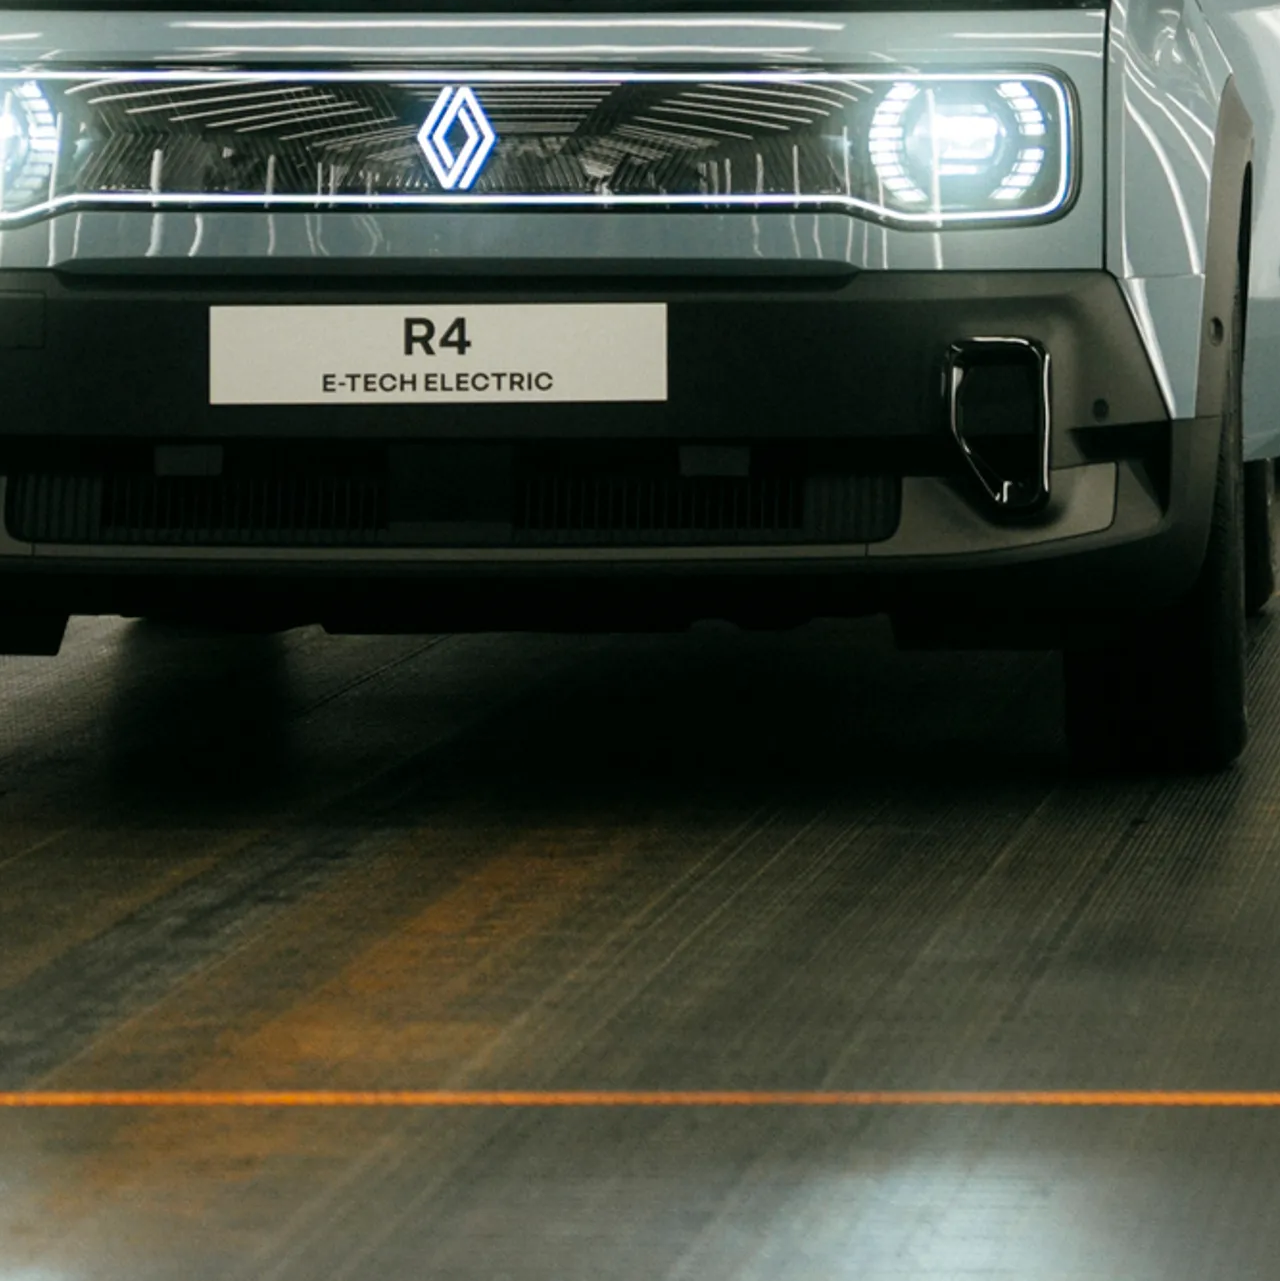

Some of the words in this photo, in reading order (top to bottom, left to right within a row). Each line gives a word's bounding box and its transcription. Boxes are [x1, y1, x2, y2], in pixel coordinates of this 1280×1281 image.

[403, 316, 472, 357] R4
[321, 372, 418, 393] E-TECH
[423, 371, 554, 392] ELECTRIC
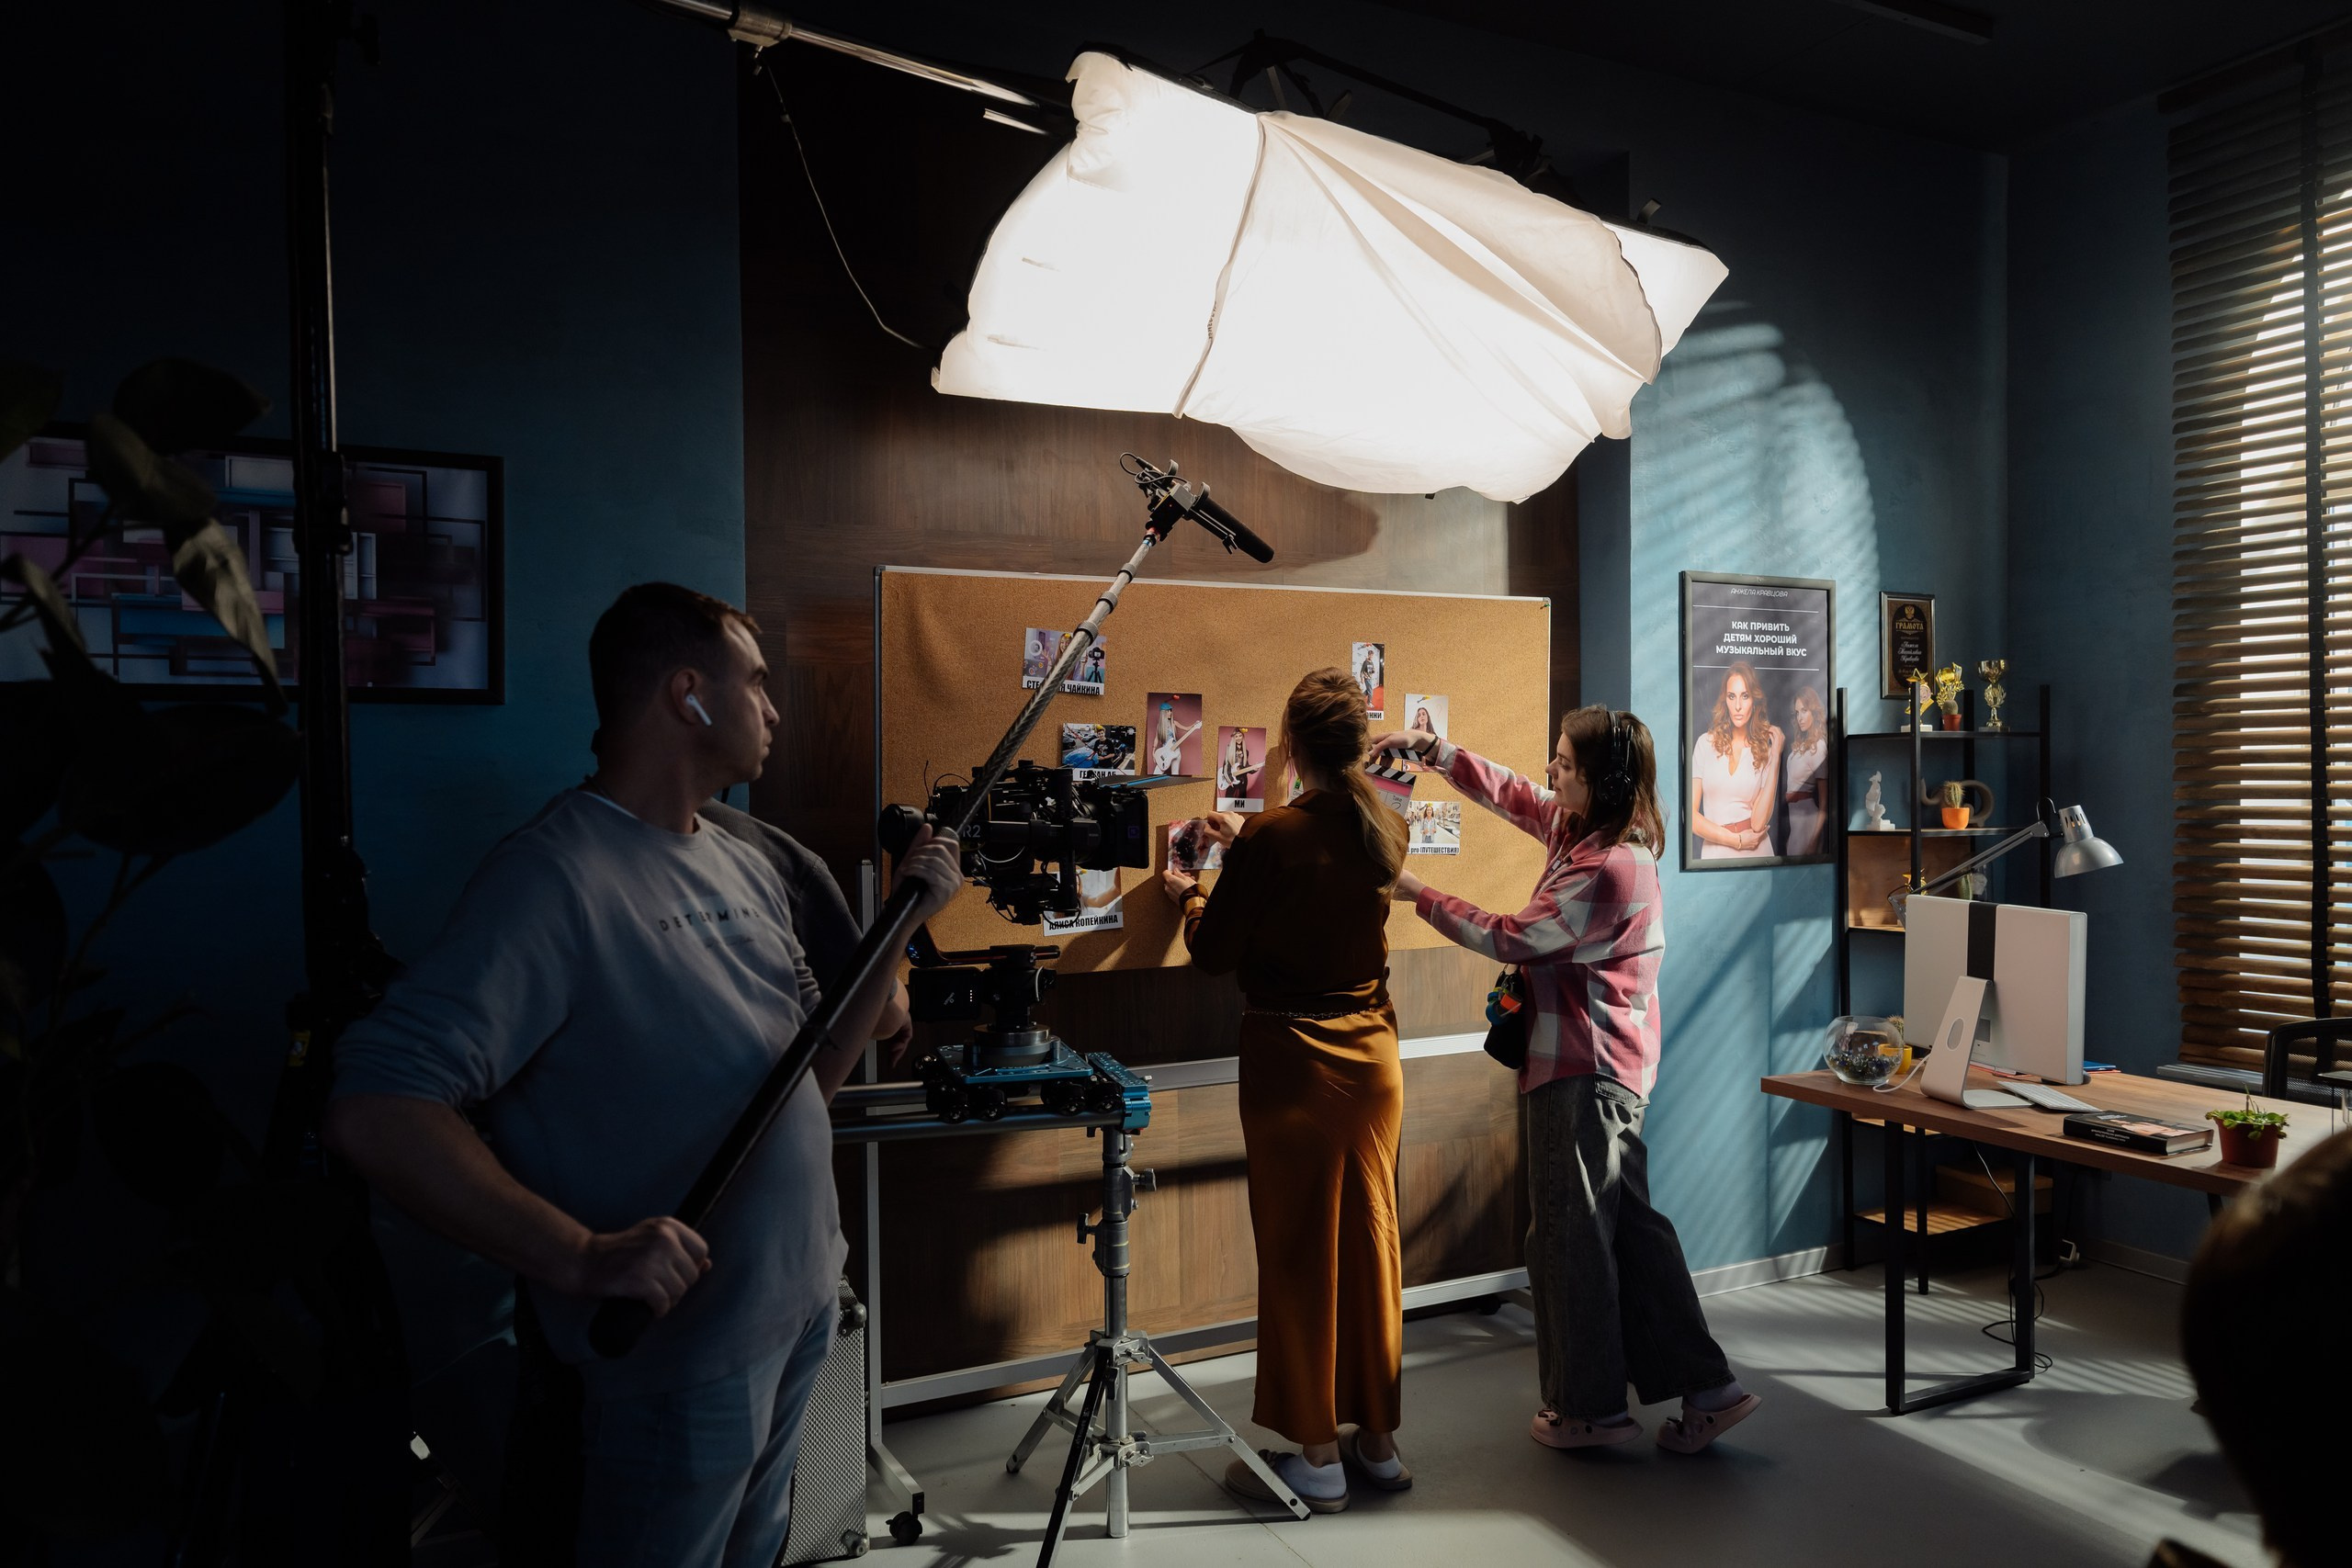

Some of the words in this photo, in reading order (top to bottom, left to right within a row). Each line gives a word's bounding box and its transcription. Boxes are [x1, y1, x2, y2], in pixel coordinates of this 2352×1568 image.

[1756, 589, 1788, 597] КРАВЦОВА
[1732, 621, 1748, 630] КАК
[1750, 622, 1790, 631] ПРИВИТЬ
[1895, 622, 1924, 630] ГРАМОТА
[1723, 634, 1752, 643] ДЕТЯМ
[1754, 634, 1797, 644] ХОРОШИЙ
[1715, 645, 1783, 656] МУЗЫКАЛЬНЫЙ
[1786, 649, 1807, 657] ВКУС
[1067, 683, 1100, 695] ЧАЙКИНА
[1075, 914, 1118, 928] КОПЕЙКИНА
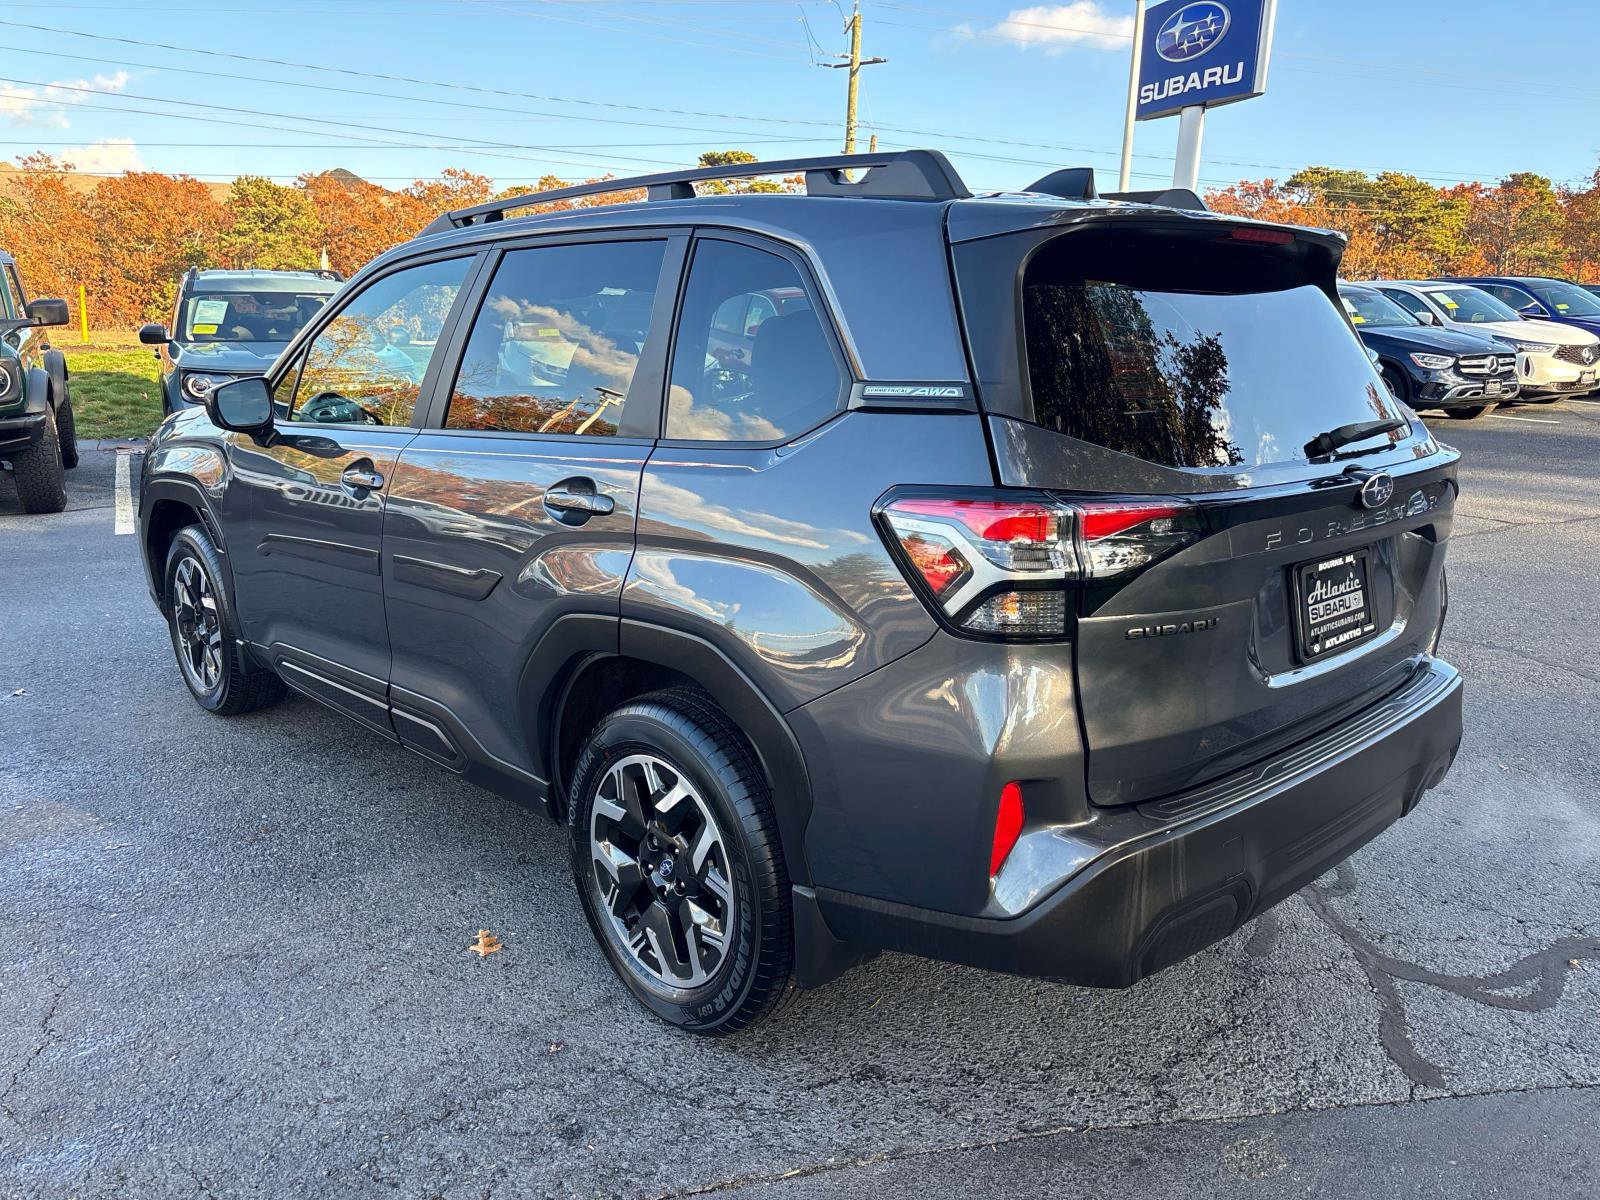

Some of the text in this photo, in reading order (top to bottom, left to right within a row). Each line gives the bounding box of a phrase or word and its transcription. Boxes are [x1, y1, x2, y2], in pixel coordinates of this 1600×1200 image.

[1139, 61, 1244, 105] SUBARU
[911, 386, 960, 396] AWD
[1308, 573, 1362, 604] Atlantic
[1311, 597, 1352, 620] SUBARU
[1124, 617, 1220, 639] SUBARU
[1311, 611, 1365, 637] ATLANTICSUBARU.COM
[1325, 627, 1362, 649] ATLANTIC
[568, 748, 596, 827] YOKOHAMA
[712, 862, 751, 1012] GEOLANDAR

______________________________

Type out exactly the span of lines from the one with "Some of the text" to the end of the material above, counting both end lines, and nothing else.

Answer for this exercise:
Some of the text in this photo, in reading order (top to bottom, left to right within a row). Each line gives the bounding box of a phrase or word and its transcription. Boxes are [x1, y1, x2, y2], in pixel coordinates of this 1600×1200 image.

[1139, 61, 1244, 105] SUBARU
[911, 386, 960, 396] AWD
[1308, 573, 1362, 604] Atlantic
[1311, 597, 1352, 620] SUBARU
[1124, 617, 1220, 639] SUBARU
[1311, 611, 1365, 637] ATLANTICSUBARU.COM
[1325, 627, 1362, 649] ATLANTIC
[568, 748, 596, 827] YOKOHAMA
[712, 862, 751, 1012] GEOLANDAR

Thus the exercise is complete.